Thursday, February 28, 2008

Spring Break 'n' Leopard Print

Today:
Woke up, 9am. (sun visible in sky.)
Fantastic burrito made by Iron Skillet Shearer.
Lounge.
Watched a chiropracter crack spinal columns for four hours.
Went on a shopping spree: 4 tumblers, 1 floor lamp, 1 bottle bourbon.
Met Iron Skillet Shearer at home.
Ate dinner, drank some wine.
Felt HAPPY.
Lounge.
Put on Iron Skillet's leopard print pajama pants.
Sitting by the fire.

One of the best parts of hard work is noticing it's absence.




Tuesday, February 26, 2008

Hormones

I couldn't resist posting today.  In much need of an outlet.  Tomorrow (26 hours from now, to be exact), I have a physiology exam.  That's not so bad.  I'm getting used to having exams looming over my head like second hand smoke at your friend's mom's house when you were a kid, and when you come home and you still smell like Virginia Slim Ultra Light 100s.  
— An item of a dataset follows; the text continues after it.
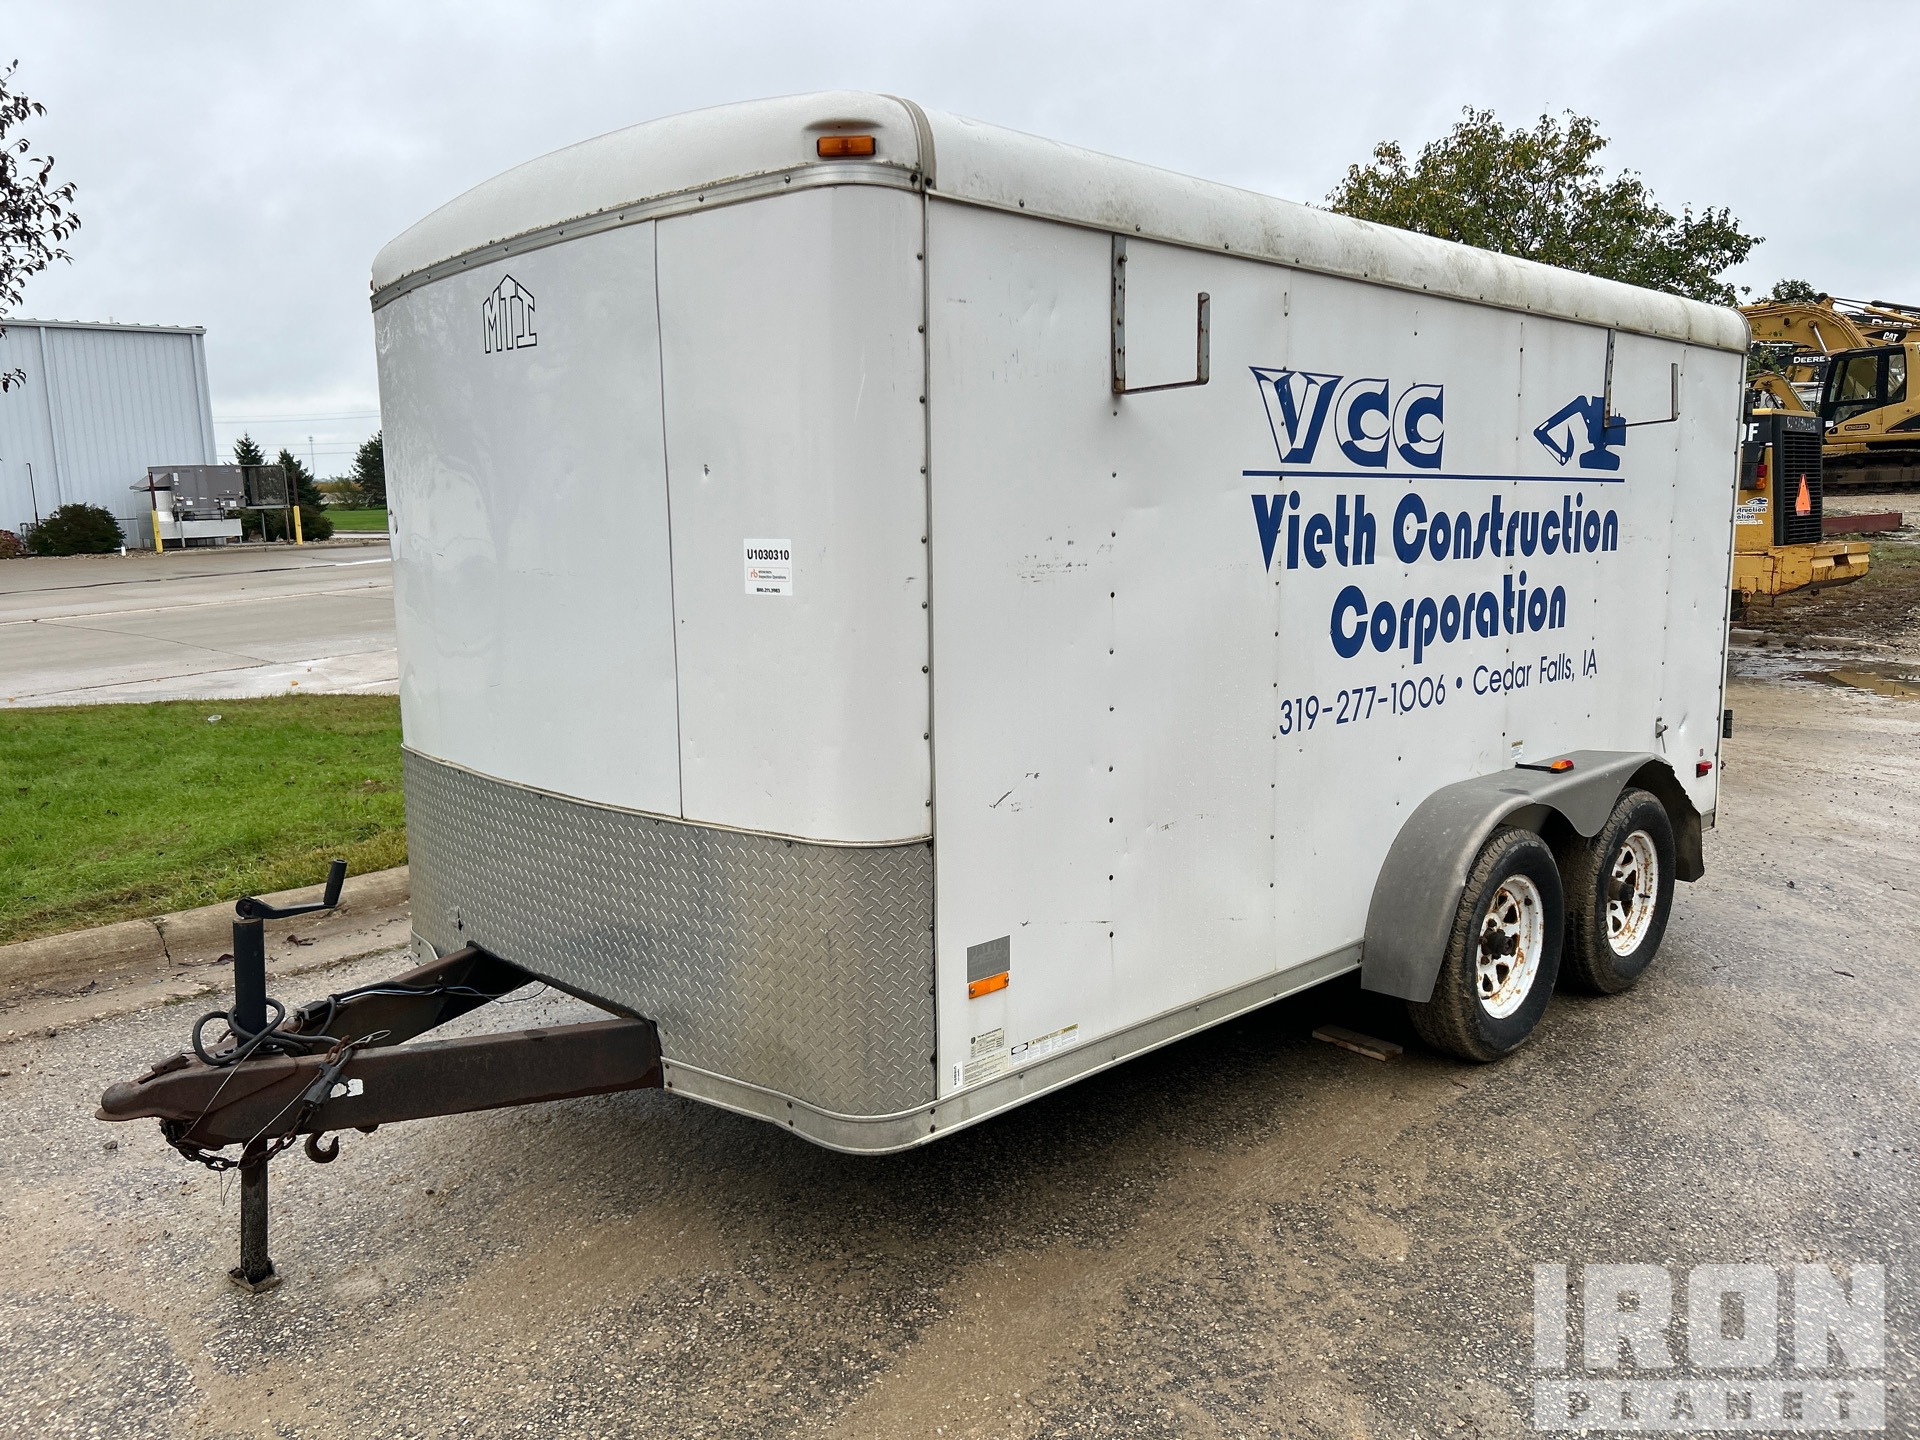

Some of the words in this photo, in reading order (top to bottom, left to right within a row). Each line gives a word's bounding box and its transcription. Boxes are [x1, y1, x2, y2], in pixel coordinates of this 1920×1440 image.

I am really tired of the pre-exam build-up.  Or, in other words, studying.  I'm sick of wading through hundreds of pages of information.  For example, during this 4-week unit on endocrinology, we've had six professors, all with their own style of writing notes, teaching, explaining.  There are hundreds of pages, thousands of different facts to memorize.  And no way of knowing what is more important than something else.  

I am sick of chasing hormones around pieces of paper, arrows pointing every which way.  If the human body was as disorganized our lecture notes, I don't think humans would've evolved beyond the little fish that walk on their elbows.  So, for the next 26 hours, I'm a disgruntled medical student.  Then I will be on spring break.   Until then, I have my agitation to deal with.  Aside from burnout, why am I so resistant to sitting down and learning calcium homeostasis? Maybe it's because I had fun this weekend.  Maybe because Diablo Cody won an Oscar for Best Screenplay for Juno, and I just found out she's 29.  And I'm 30.  And I haven't won an Oscar.  

Maybe it's because I'm wearing fleece sweatpants covered in cat hair.  Yeah, that's probably it.

Saturday, February 23, 2008

Talk to Me, Goose

This post is simply for base-touching purposes.  I've actually been a bit too busy to procrastinate.  No blog entries.   I had my last biochemistry exam on Tuesday and am gearing up for the last physiology exam this upcoming Wednesday.  Then sweet, sweet spring break.  While I'm not going to go crazy in Cancun, it will feel like that on the inside.  

There's lots to write about, and I'll have more time after Wednesday.  I don't want to loose momentum this early in my blogging career, so I'm forcing myself to post right now between lectures on Puberty and the Pituitary Gland.  Ah, you can try to not be jealous.  

Saturday, February 16, 2008

Silver White Winters That Melt

On a rare bender for February in Detroit, the sun has shone for the past two days straight.  I can almost hear people whistling.  Driving home from Big Parking Lot Hospital yesterday evening, I caught a smidge of sunset in my rear view mirror.  At first, I thought it was an air-brushed sunset scene on the guy's van behind me.  Another glimpse assured me it was THE sun setting in the sky with actual variation in color, tone and texture.   You know in Goonies, when Sloth realizes that there is such a thing as a Baby Ruth?  And he smiles diagonally and shakes his chains in delight.   That's how I felt.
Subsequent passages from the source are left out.